Reza Aslan, researching while Muslim

It’s about time.

A real conversation about religion has begun in this country. In fact, it has gone viral. Up until now, public religion has too-often been about name-calling, confessionals, politics and cartoon versions of “the other.”

Thanks to a shockingly insensitive interview with religious scholar Reza Aslan, the author of “Zealot: The Life and Times of Jesus of Nazareth” and a man who just happens to be Muslim, the Internet has lit up like a Christmas tree. Lauren Green of Fox News began her questioning with this: “You are a Muslim, so why did you write a book about the founder of Christianity?” Once wasn’t enough. She kept asking the clearly dumbfounded Aslan the same question as he tried to explain that he is a scholar of religion. Given her insistence, one might have wondered why an African American Christian woman would be interviewing a white Persian male Muslim.

Aslan is not upset about the interview. In fact, he has reason to be pleased. It has given his book wide media exposure.

“I am so glad people are having this conversation,” Aslan says. “I was surprised how it captured the zeitgeist. This is a topic usually discussed by academics in stuffy libraries.”
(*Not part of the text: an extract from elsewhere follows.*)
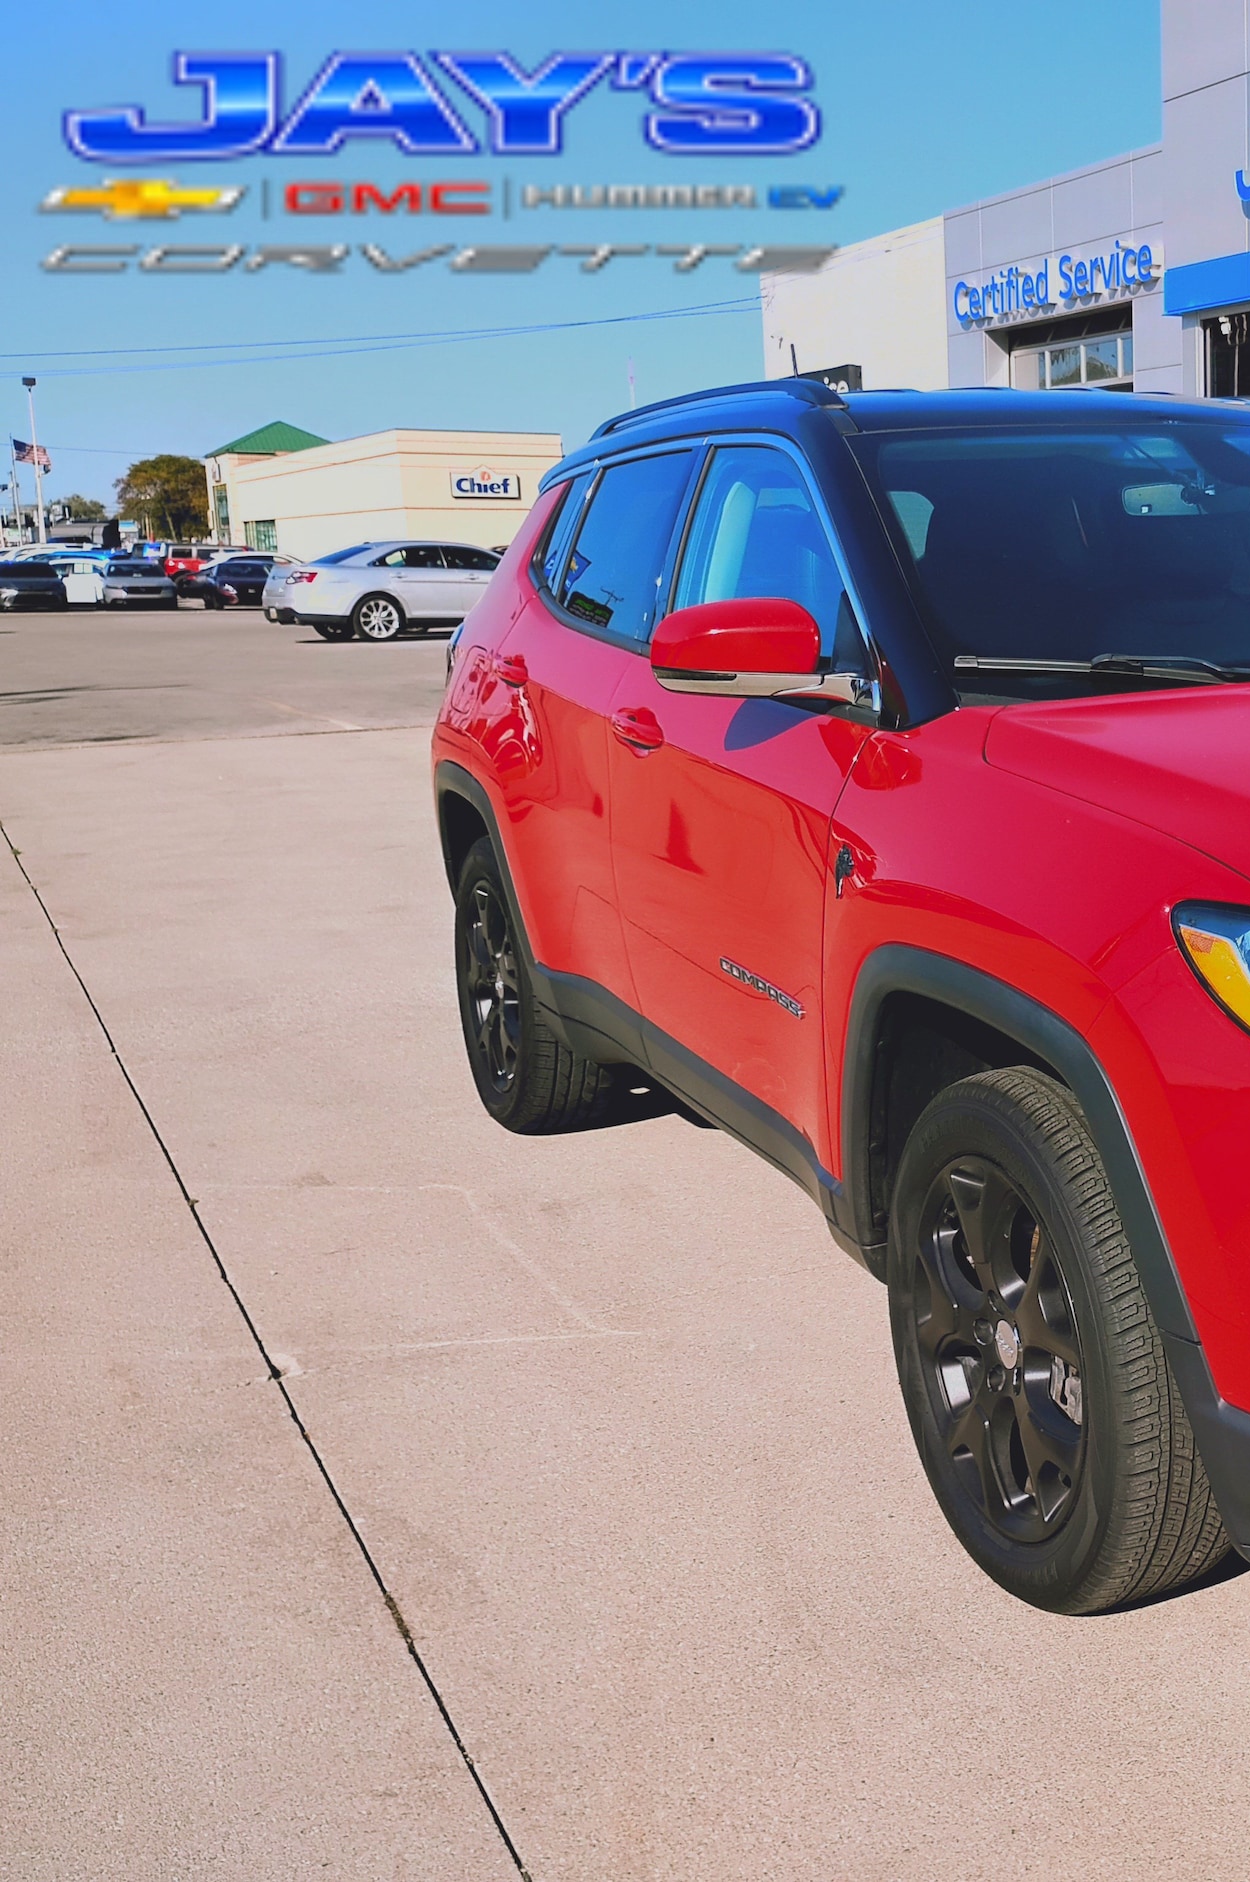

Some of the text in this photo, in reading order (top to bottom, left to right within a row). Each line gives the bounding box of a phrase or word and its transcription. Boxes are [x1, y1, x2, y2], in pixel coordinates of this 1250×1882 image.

[954, 240, 1153, 323] Certified Service
[456, 477, 510, 494] Chief
[719, 957, 803, 1020] COMPASS
What’s so outrageous about the book? He calls Jesus a zealot, for one thing. But as he explains, “in Jesus’s world, ‘zealot’ referred to those Jews who adhered to a widely biblical doctrine called zeal.” They were against Roman authorities and their collaborators, wealthy temple priests and aristocratic Jews. The fact that Jesus was a revolutionary — a rabble-rouser — is not exactly news in the world of theology. He wasn’t running around passing out Easter eggs.
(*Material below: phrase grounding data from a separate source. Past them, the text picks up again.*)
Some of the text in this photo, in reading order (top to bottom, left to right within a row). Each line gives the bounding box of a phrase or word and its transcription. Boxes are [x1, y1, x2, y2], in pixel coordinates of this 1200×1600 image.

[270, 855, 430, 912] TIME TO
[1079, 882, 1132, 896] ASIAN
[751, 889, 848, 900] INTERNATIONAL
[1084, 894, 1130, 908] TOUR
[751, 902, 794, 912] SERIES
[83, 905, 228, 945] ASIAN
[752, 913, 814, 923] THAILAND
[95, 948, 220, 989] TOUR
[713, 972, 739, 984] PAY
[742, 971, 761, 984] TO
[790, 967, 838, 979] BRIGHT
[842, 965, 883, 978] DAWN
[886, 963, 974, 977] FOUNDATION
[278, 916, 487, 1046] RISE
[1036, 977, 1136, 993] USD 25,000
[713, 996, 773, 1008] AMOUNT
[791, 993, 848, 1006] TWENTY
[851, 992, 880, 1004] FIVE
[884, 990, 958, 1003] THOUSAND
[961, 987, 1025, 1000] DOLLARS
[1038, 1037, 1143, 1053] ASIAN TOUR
What’s interesting here is the backlash from what he calls “the anti-Muslim fringe, the rabid Islamophobes, who have been attacking me for a decade and calling me vile and racist names.” He wasn’t surprised by what happened on Fox News and has no hard feelings toward Green. “I have nothing but compassion for her. I understand where she is coming from. I used to be like her. I used to be a fundamentalist evangelical Christian. It’s a fear in the world of being confronted with questioning the most basic tenets of your faith.”